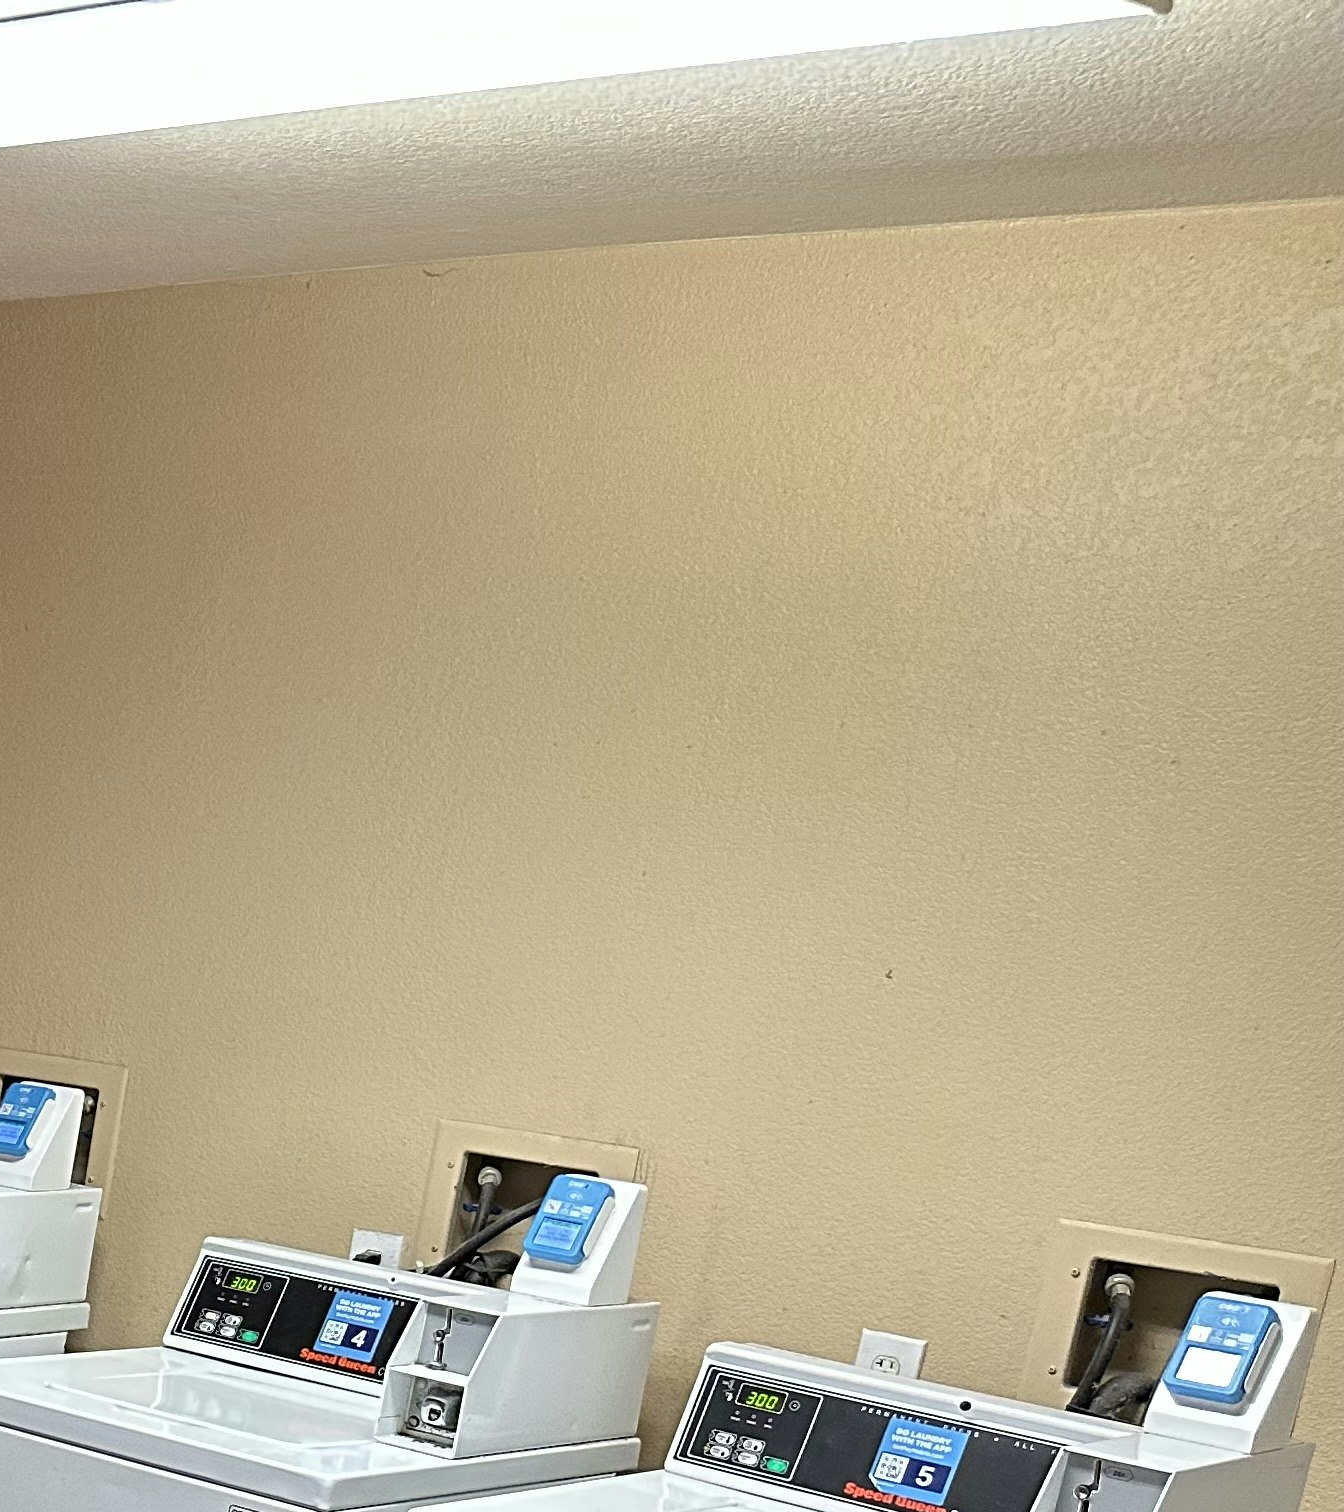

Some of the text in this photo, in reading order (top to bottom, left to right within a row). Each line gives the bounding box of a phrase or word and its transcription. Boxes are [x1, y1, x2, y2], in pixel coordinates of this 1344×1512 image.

[230, 1276, 257, 1292] 300
[350, 1329, 368, 1348] 4
[299, 1347, 337, 1365] Speed
[338, 1355, 377, 1375] Queen
[745, 1391, 779, 1410] 300
[891, 1433, 953, 1454] WITH THE APP
[910, 1429, 953, 1446] LAUNDRY
[1014, 1440, 1036, 1451] ALL
[914, 1465, 936, 1487] 5
[843, 1481, 898, 1505] Speed
**********
▶ [TASK DIRECTIONS]:
Your answer must be the full listing, copied exactly, with no pictures in it.

▶ [RESPONSE BOX]:
Some of the text in this photo, in reading order (top to bottom, left to right within a row). Each line gives the bounding box of a phrase or word and its transcription. Boxes are [x1, y1, x2, y2], in pixel coordinates of this 1344×1512 image.

[230, 1276, 257, 1292] 300
[350, 1329, 368, 1348] 4
[299, 1347, 337, 1365] Speed
[338, 1355, 377, 1375] Queen
[745, 1391, 779, 1410] 300
[891, 1433, 953, 1454] WITH THE APP
[910, 1429, 953, 1446] LAUNDRY
[1014, 1440, 1036, 1451] ALL
[914, 1465, 936, 1487] 5
[843, 1481, 898, 1505] Speed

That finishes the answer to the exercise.